WORK INSTRUCTIONS: Once the pictures are set aside, transcribe each line of the listing exactly.
DATASET RECORDS below:
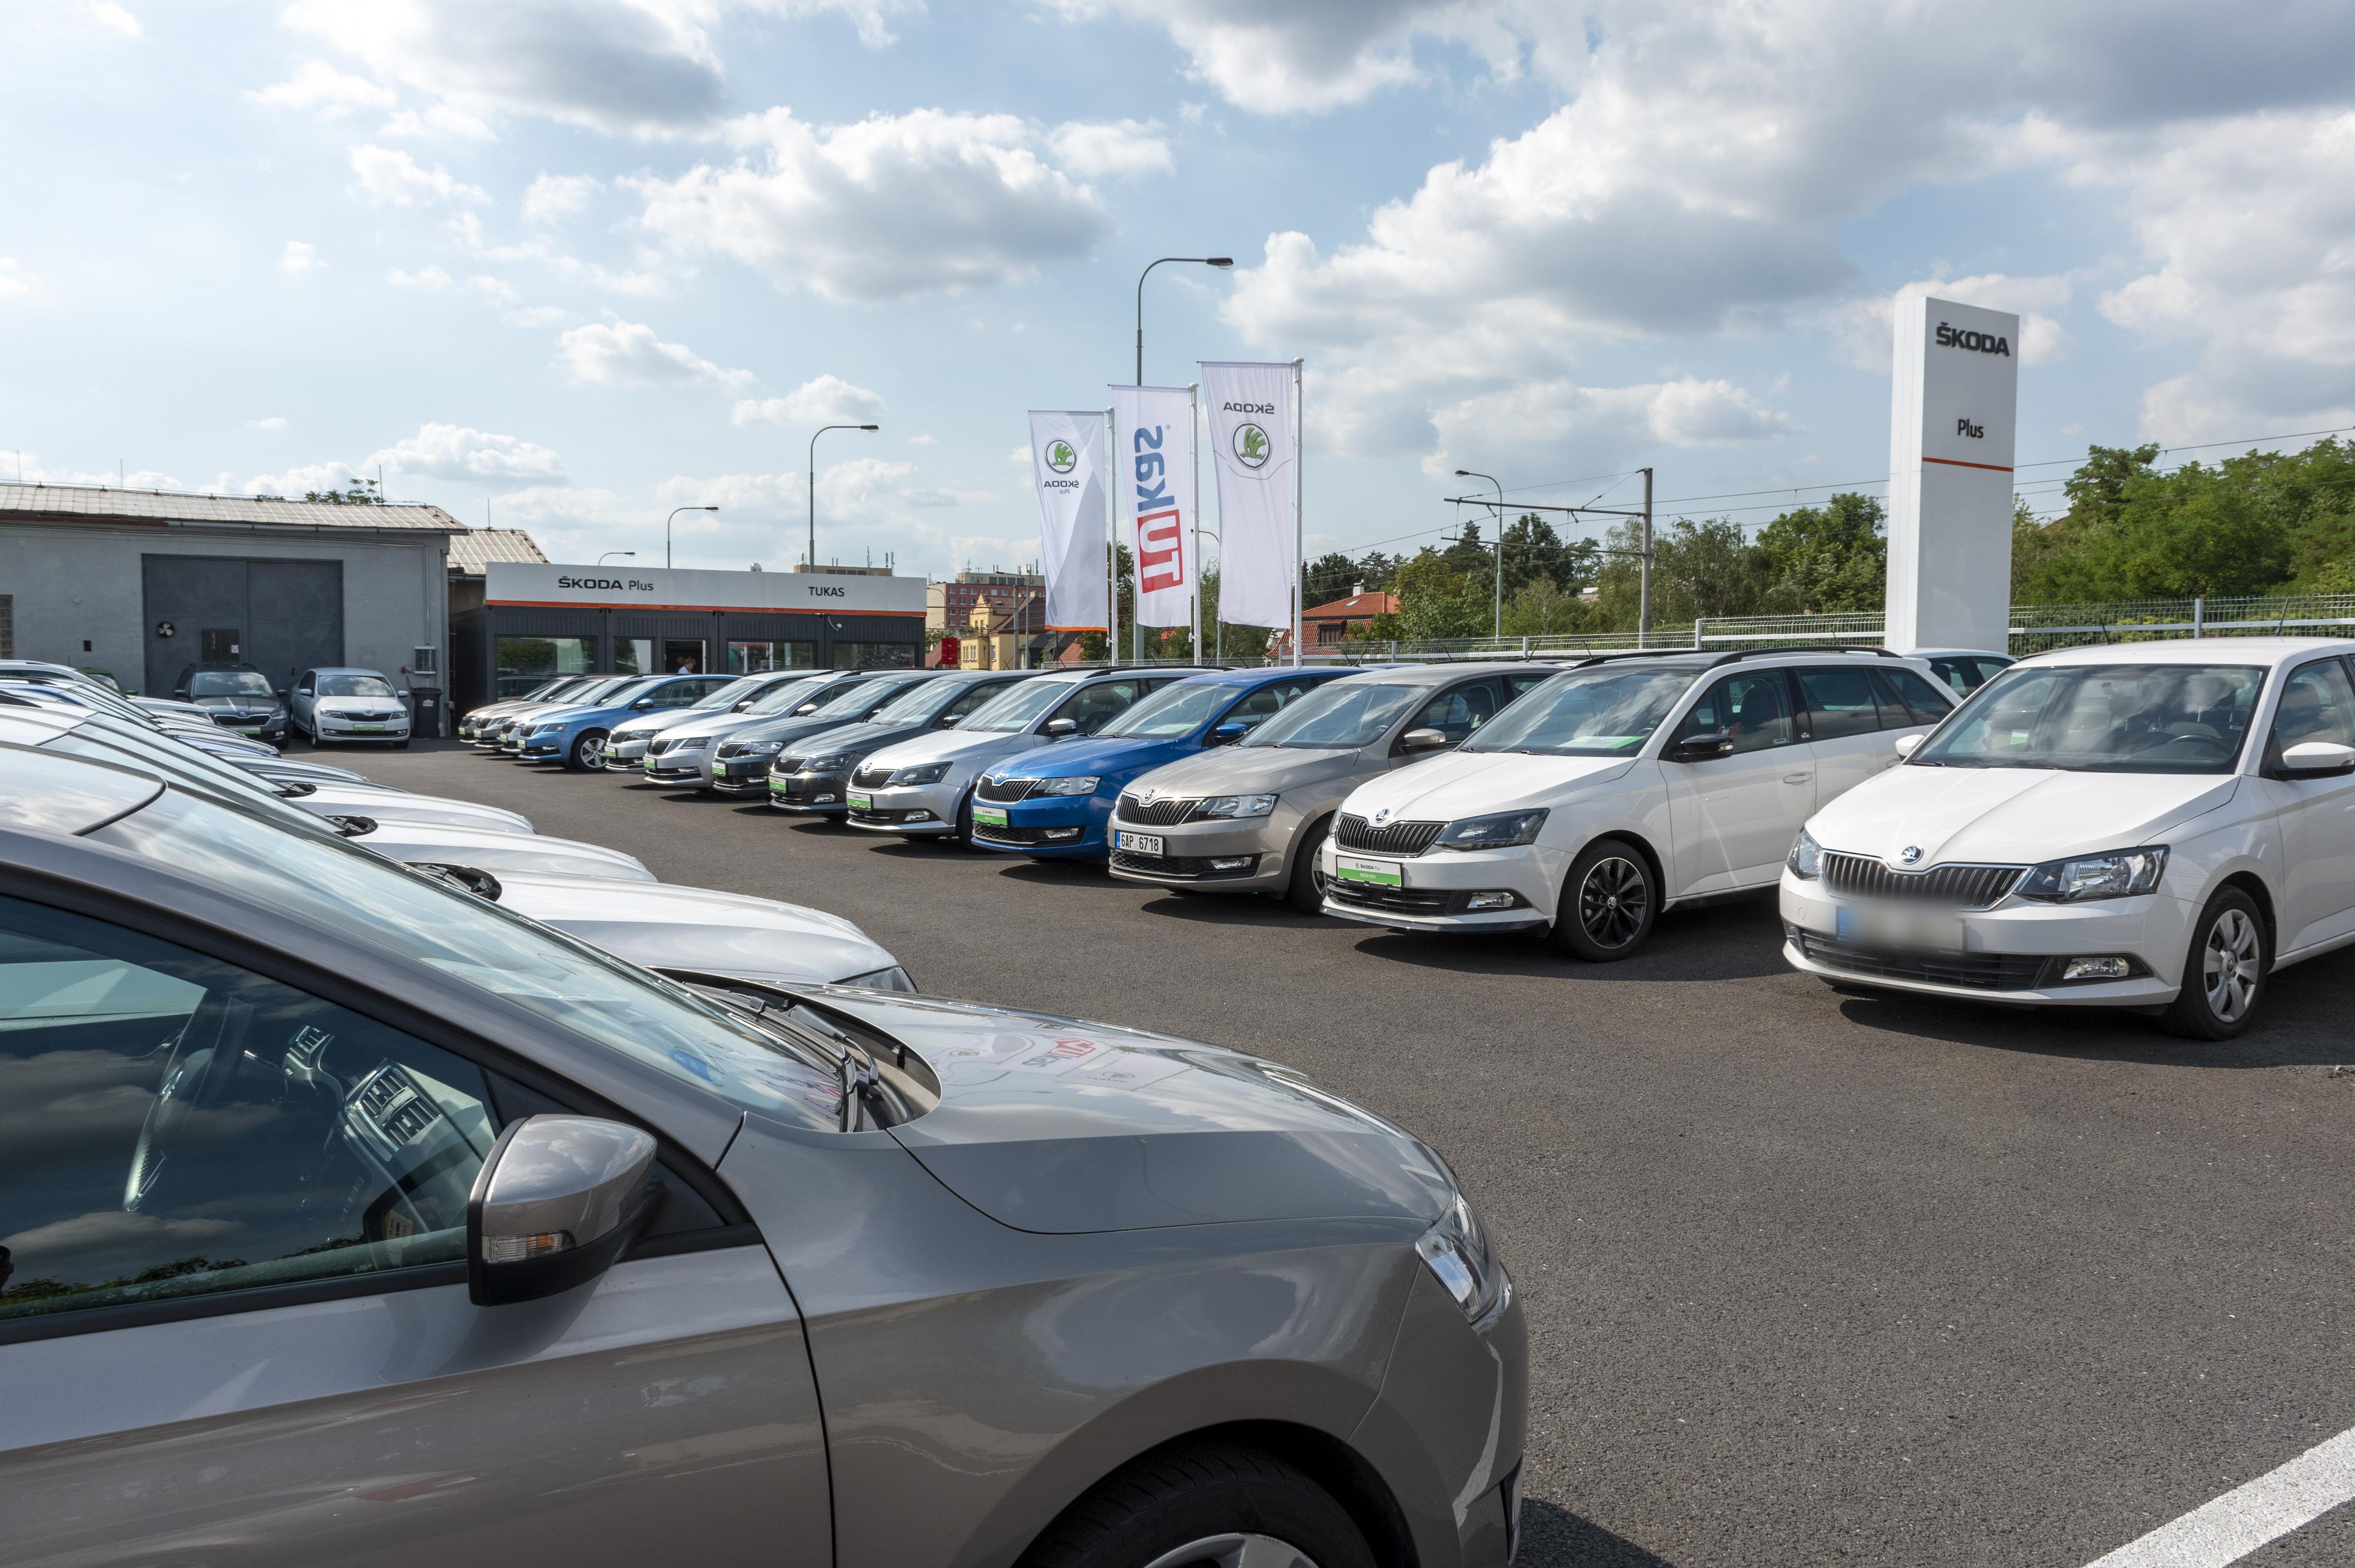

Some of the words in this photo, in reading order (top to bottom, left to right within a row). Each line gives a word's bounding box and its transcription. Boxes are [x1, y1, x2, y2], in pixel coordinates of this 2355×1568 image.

[1936, 321, 2010, 357] ŠKODA
[1957, 418, 1984, 438] Plus
[558, 576, 623, 590] ŠKODA
[629, 580, 654, 591] Plus
[808, 587, 844, 597] TUKAS
[1121, 834, 1134, 848] 6AP
[1139, 836, 1159, 852] 6718
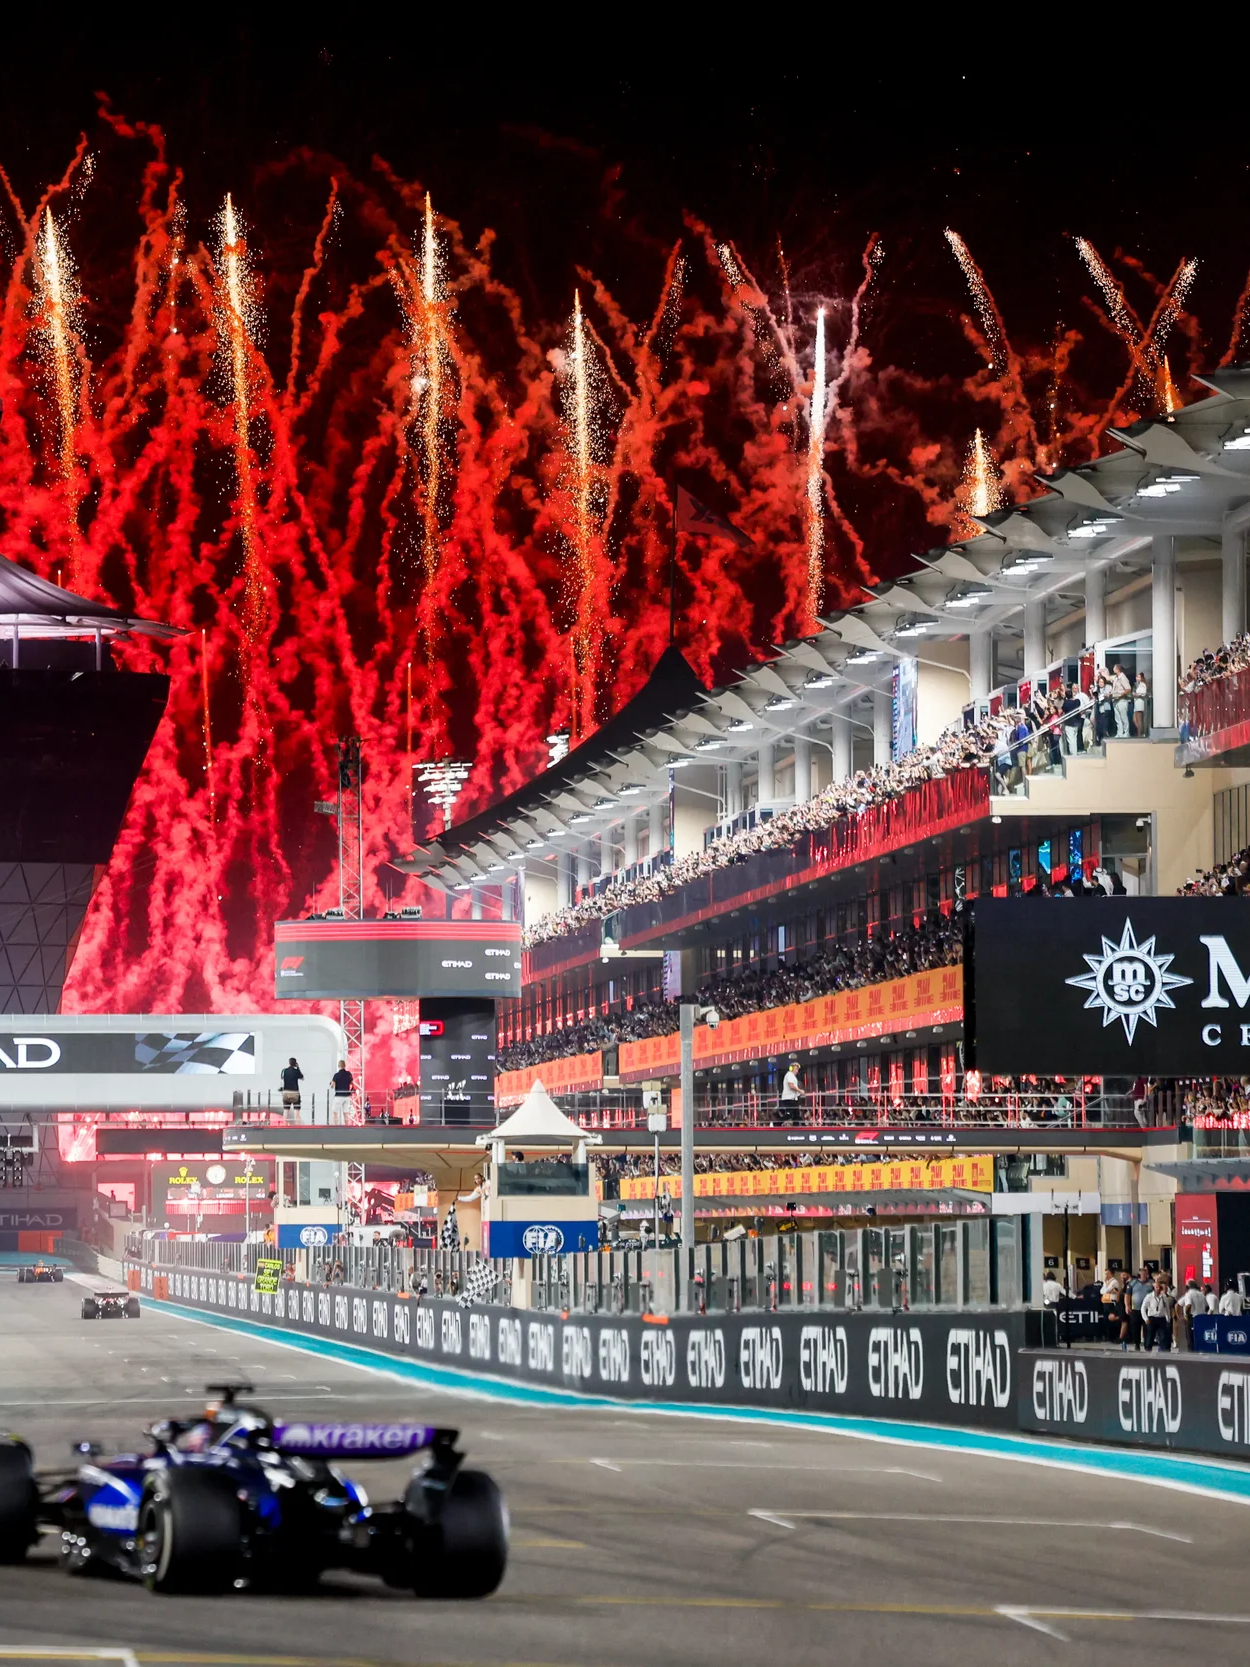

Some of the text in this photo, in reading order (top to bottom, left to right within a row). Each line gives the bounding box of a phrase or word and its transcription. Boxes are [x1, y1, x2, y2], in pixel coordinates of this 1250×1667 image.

[441, 959, 473, 969] ETIHAD
[168, 1176, 198, 1185] ROLEX
[234, 1176, 264, 1184] ROLEX
[1227, 1332, 1246, 1343] FIA
[599, 1327, 630, 1382] ETIHAD
[640, 1328, 676, 1386] ETIHAD
[686, 1328, 726, 1388] ETIHAD
[740, 1327, 783, 1389] ETIHAD
[800, 1326, 848, 1394] ETIHAD
[868, 1327, 924, 1399] ETIHAD
[946, 1328, 1011, 1408] ETIHAD
[1032, 1359, 1088, 1424] ETIHAD
[1118, 1364, 1182, 1433] ETIHAD
[313, 1424, 425, 1449] kraken
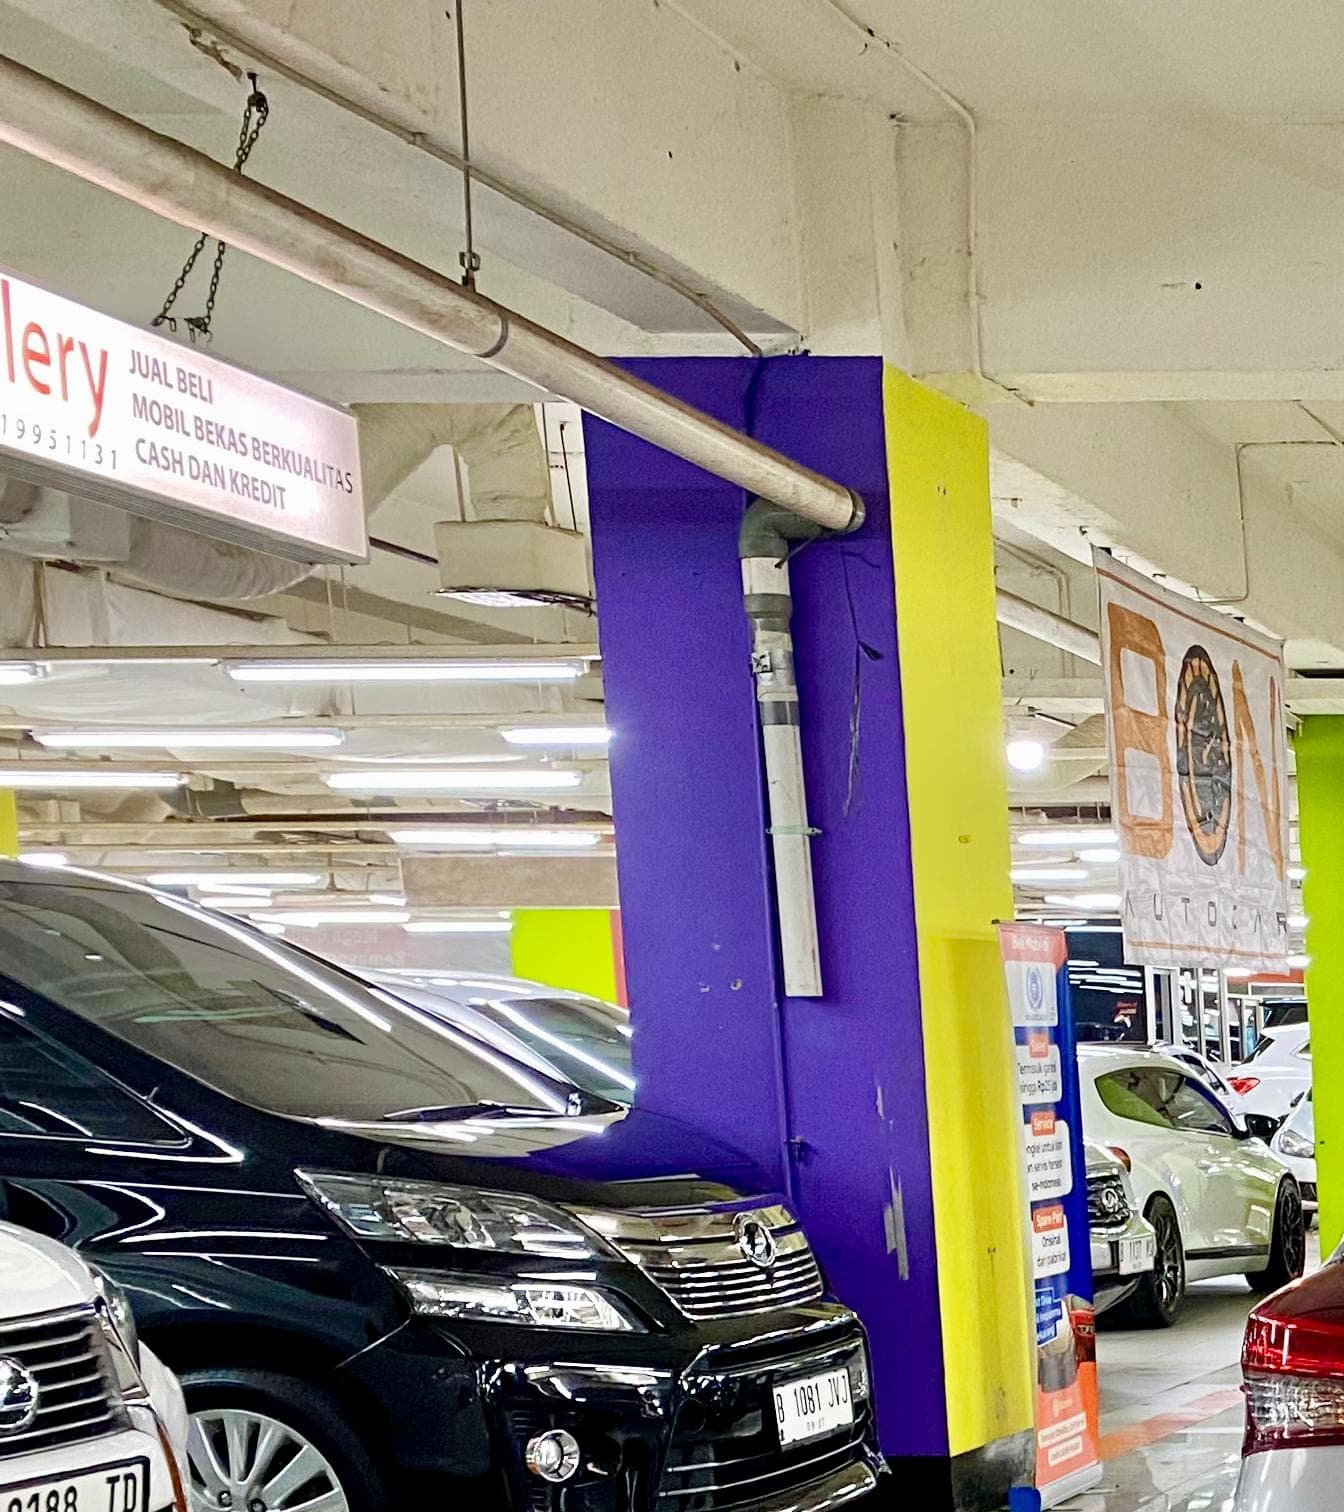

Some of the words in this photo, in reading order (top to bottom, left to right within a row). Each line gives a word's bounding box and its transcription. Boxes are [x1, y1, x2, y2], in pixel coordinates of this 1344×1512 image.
End of DATASET RECORDS.
RESPONSE BELOW:
Some of the words in this photo, in reading order (top to bottom, left to right within a row). Each line gives a word's bounding box and its transcription. Boxes are [x1, y1, x2, y2], in pixel coordinates of this 2355×1568 image.

[1936, 321, 2010, 357] ŠKODA
[1957, 418, 1984, 438] Plus
[558, 576, 623, 590] ŠKODA
[629, 580, 654, 591] Plus
[808, 587, 844, 597] TUKAS
[1121, 834, 1134, 848] 6AP
[1139, 836, 1159, 852] 6718

Some of the text in this photo, in reading order (top to bottom, left to right within a row). Each line gives the bounding box of a phrase or word and its transcription. Boxes are [x1, y1, x2, y2], in pixel coordinates of this 1250×1667 image.

[441, 959, 473, 969] ETIHAD
[168, 1176, 198, 1185] ROLEX
[234, 1176, 264, 1184] ROLEX
[1227, 1332, 1246, 1343] FIA
[599, 1327, 630, 1382] ETIHAD
[640, 1328, 676, 1386] ETIHAD
[686, 1328, 726, 1388] ETIHAD
[740, 1327, 783, 1389] ETIHAD
[800, 1326, 848, 1394] ETIHAD
[868, 1327, 924, 1399] ETIHAD
[946, 1328, 1011, 1408] ETIHAD
[1032, 1359, 1088, 1424] ETIHAD
[1118, 1364, 1182, 1433] ETIHAD
[313, 1424, 425, 1449] kraken

Some of the words in this photo, in reading order (top to bottom, left to right within a row). Each line gives a word's bounding box and its transcription. Boxes are [x1, y1, x2, y2], in pixel coordinates of this 1344×1512 image.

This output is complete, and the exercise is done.